## WHAT TO PRODUCE
Word for word, repeat the entries, minus the pictures.
(Beginning of SUPPLIED RECORDS)
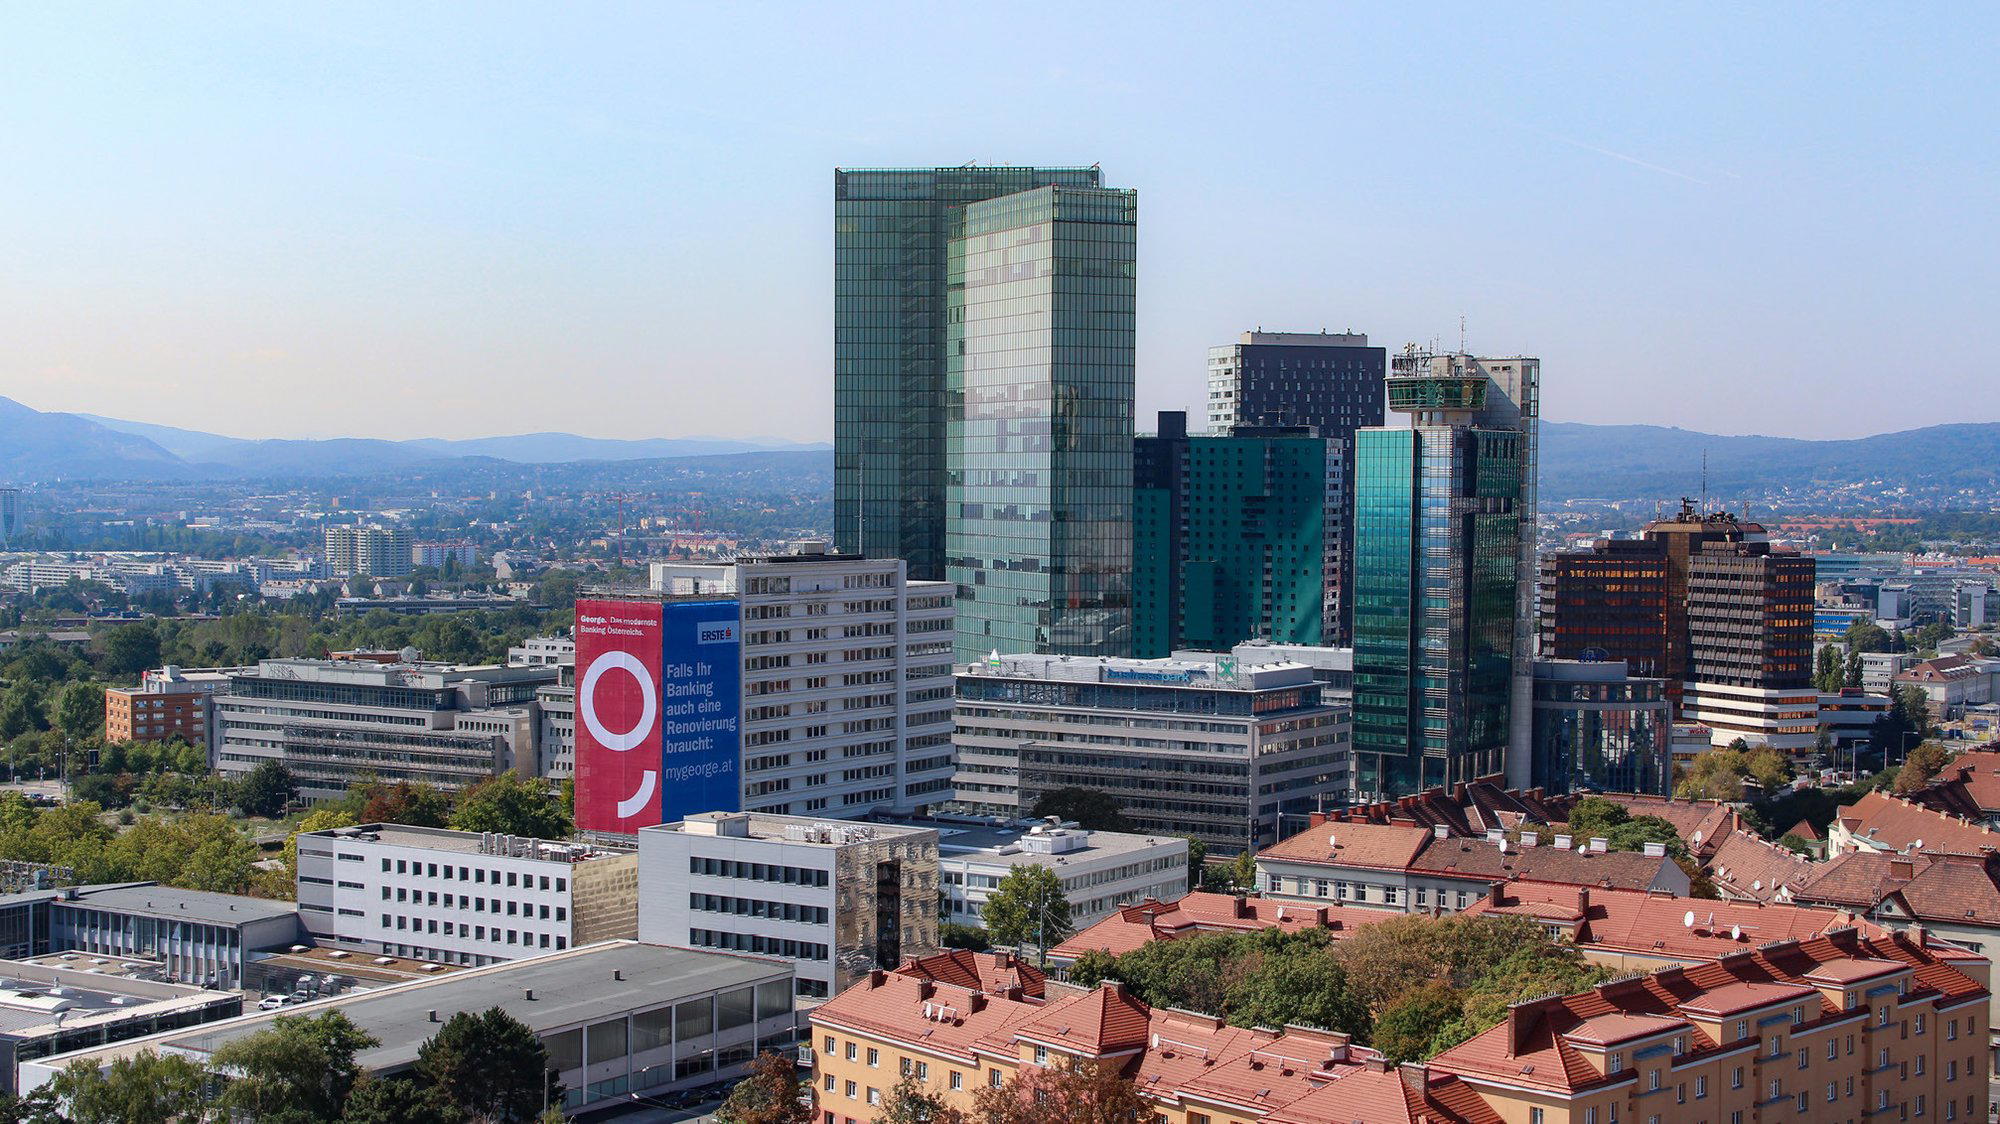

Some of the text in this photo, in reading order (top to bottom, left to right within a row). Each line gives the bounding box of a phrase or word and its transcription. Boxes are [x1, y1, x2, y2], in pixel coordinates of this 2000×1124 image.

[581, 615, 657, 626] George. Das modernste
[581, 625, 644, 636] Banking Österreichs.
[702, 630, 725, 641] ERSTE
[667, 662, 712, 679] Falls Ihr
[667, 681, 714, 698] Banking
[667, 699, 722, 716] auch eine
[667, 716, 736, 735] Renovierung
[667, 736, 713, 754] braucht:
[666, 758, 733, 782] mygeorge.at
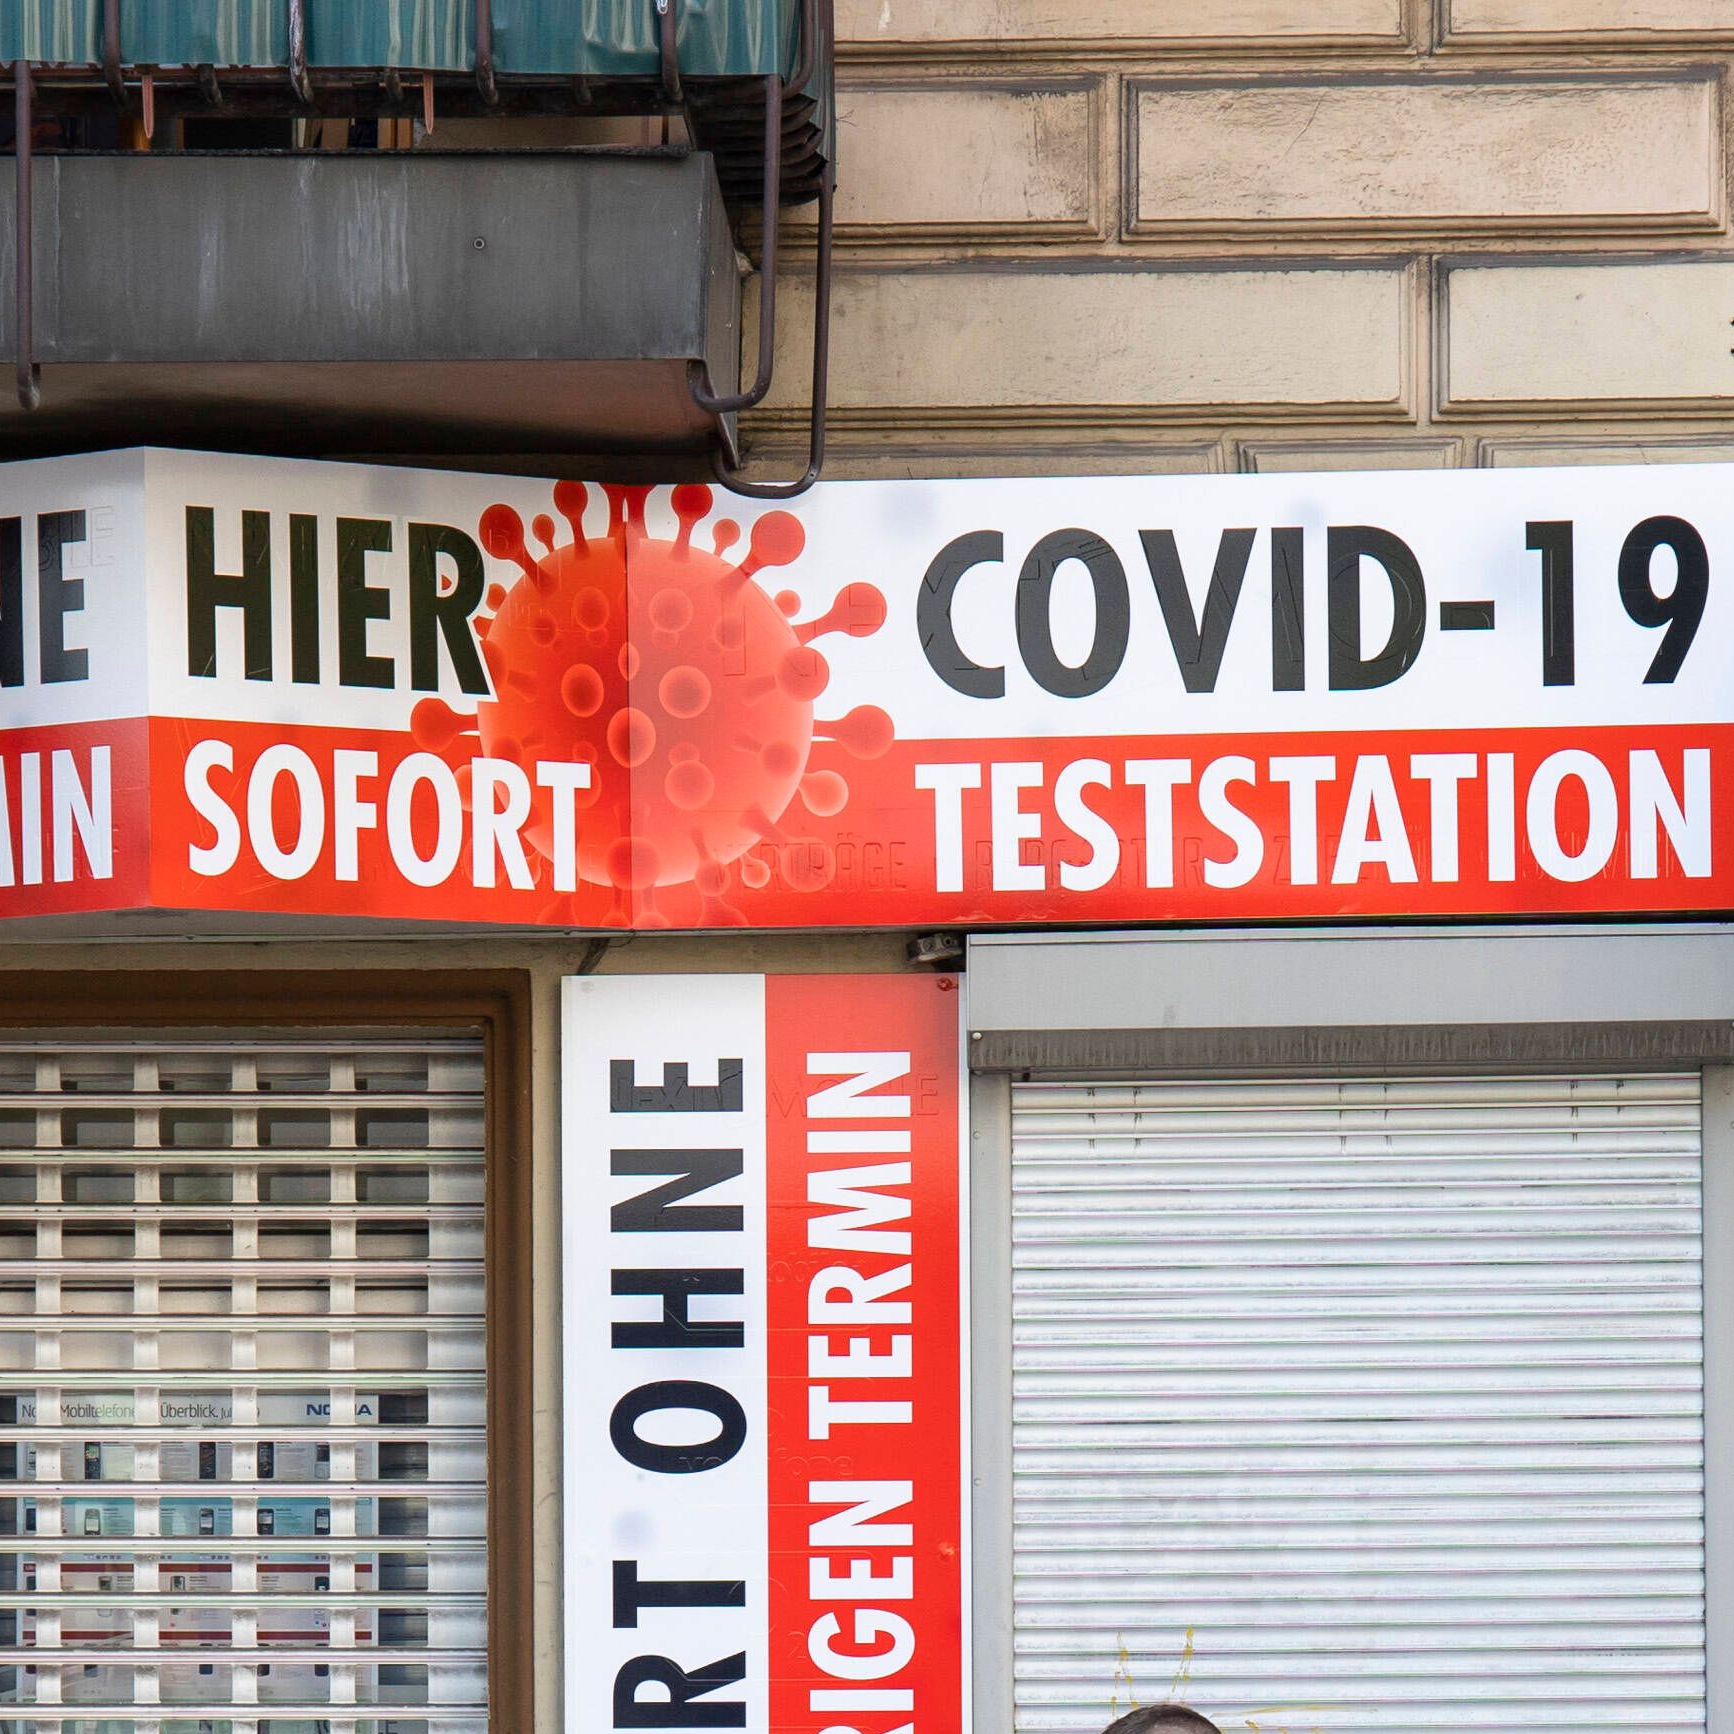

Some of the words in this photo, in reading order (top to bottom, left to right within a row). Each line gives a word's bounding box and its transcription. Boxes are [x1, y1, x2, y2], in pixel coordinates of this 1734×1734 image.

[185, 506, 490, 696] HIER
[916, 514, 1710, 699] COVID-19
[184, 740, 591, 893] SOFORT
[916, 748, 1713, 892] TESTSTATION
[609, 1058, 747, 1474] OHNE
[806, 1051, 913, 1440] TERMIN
(End of SUPPLIED RECORDS)
## RESPONSE TO THIS TASK
Some of the text in this photo, in reading order (top to bottom, left to right within a row). Each line gives the bounding box of a phrase or word and its transcription. Boxes are [x1, y1, x2, y2], in pixel coordinates of this 2000×1124 image.

[581, 615, 657, 626] George. Das modernste
[581, 625, 644, 636] Banking Österreichs.
[702, 630, 725, 641] ERSTE
[667, 662, 712, 679] Falls Ihr
[667, 681, 714, 698] Banking
[667, 699, 722, 716] auch eine
[667, 716, 736, 735] Renovierung
[667, 736, 713, 754] braucht:
[666, 758, 733, 782] mygeorge.at

Some of the words in this photo, in reading order (top to bottom, left to right within a row). Each line gives a word's bounding box and its transcription. Boxes are [x1, y1, x2, y2], in pixel coordinates of this 1734×1734 image.

[185, 506, 490, 696] HIER
[916, 514, 1710, 699] COVID-19
[184, 740, 591, 893] SOFORT
[916, 748, 1713, 892] TESTSTATION
[609, 1058, 747, 1474] OHNE
[806, 1051, 913, 1440] TERMIN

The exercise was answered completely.